In a dissenting opinion, Chief Justice Paul Reiber agreed with Wyeth. The FDA approves a drug and its label "in the context of public health and the associated risk-benefit analysis," he wrote.

But a jury "views the safety of the drug through the lens of a single patient who has already been catastrophically injured," Reiber wrote. "Such an approach is virtually guaranteed to provide different conclusions in different courts about what is 'reasonably safe' than the balancing approach taken by the FDA."

Johnson wrote for the majority that federal labeling requirements "create a floor, not a ceiling" for state regulation, noting that FDA regulations allow drug companies to go beyond required warnings.

"When further warnings become necessary, the manufacturer is at least partially responsible for taking additional action, and if it fails to do so, it cannot rely on the FDA's continued approval of its labels as a shield against state tort liability," Johnson wrote.

Levine couldn't be reached for comment Friday. A recorded message on her home telephone said, "We're sorry. The number that you are calling cannot receive calls at this time. Please call again later."

A message left for Levine's lawyer, Richard Rubin of Barre, was not immediately returned.

Christopher Garland, a spokesman for Wyeth, said the company's lawyers were still reviewing the decision and would have no comment on it.
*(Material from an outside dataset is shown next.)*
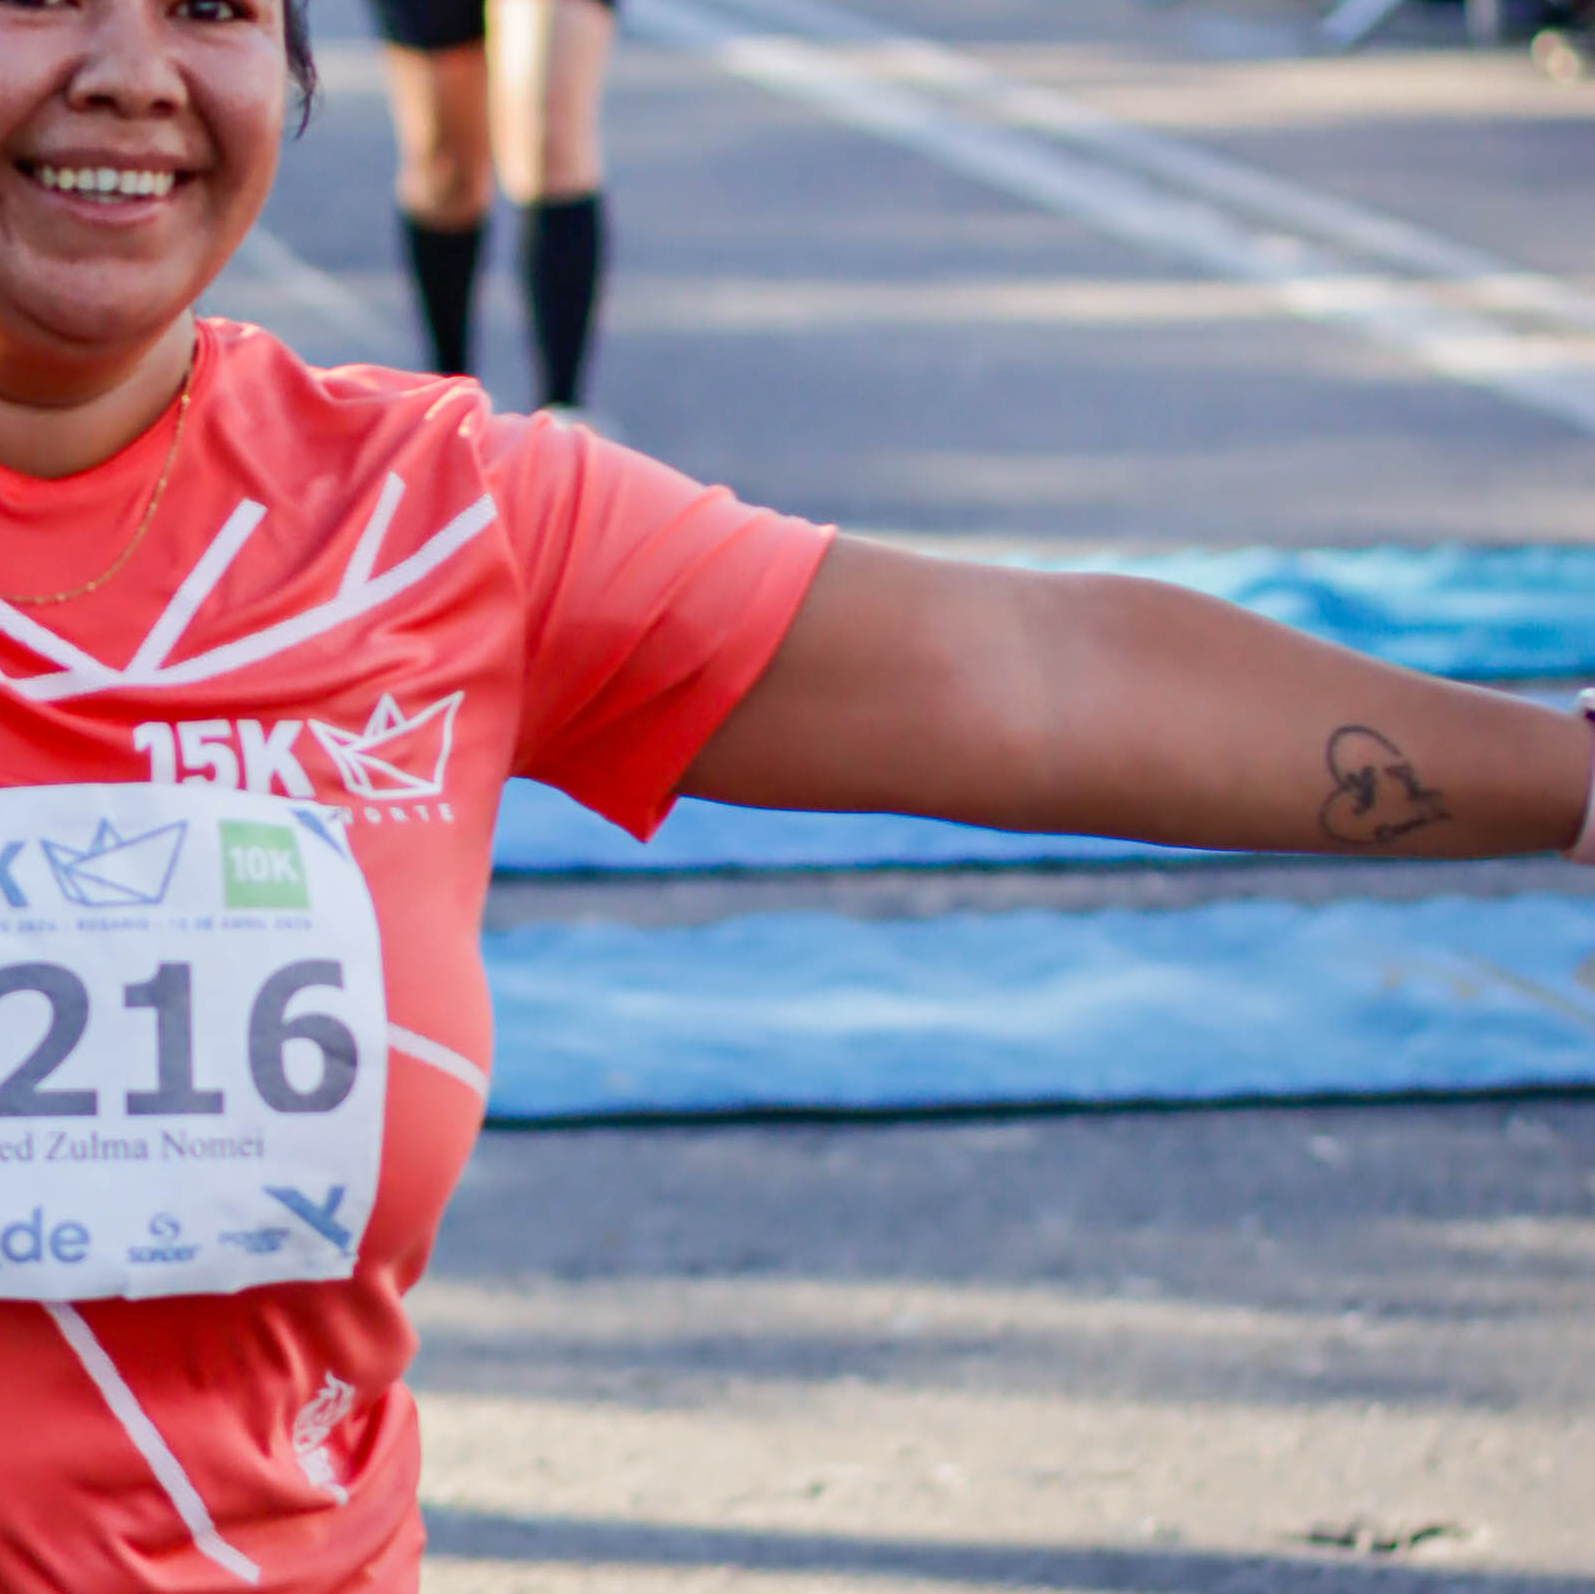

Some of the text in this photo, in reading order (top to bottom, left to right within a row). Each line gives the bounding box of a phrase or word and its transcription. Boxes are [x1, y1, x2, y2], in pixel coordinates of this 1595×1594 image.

He said when the company recommended a label change to the FDA, the agency told Wyeth to keep the existing language.

"And we followed the instructions of the FDA," he said.

Peter Lurie, deputy director of the health research group at Washington-based Public Citizen, said the case appeared to mark a push-back against efforts by the industry, the Bush administration and the FDA to pre-empt state regulation of prescription drugs.

Companies have the opportunity, and sometimes the responsibility, to offer stronger warning labels than are required by the FDA, Lurie argued. "If you have a wide enough berth that you can strengthen the label, you can't use the FDA-approved label as an automatic protection against lawsuits."

Scott Lassman, lawyer for the Pharmaceutical Research and Manufacturers of America, said the wasn't unusual.

He said the industry group agrees with the FDA that its labels "ought to be both a ceiling and a floor, and ought to pre-empt state product liability laws."

He said the FDA puts drugs through rigorous trials. "When you have the federal regulatory agency that's the expert in this area approving drug products and getting second-guessed by state courts ... that can add a lot of confusion to the label."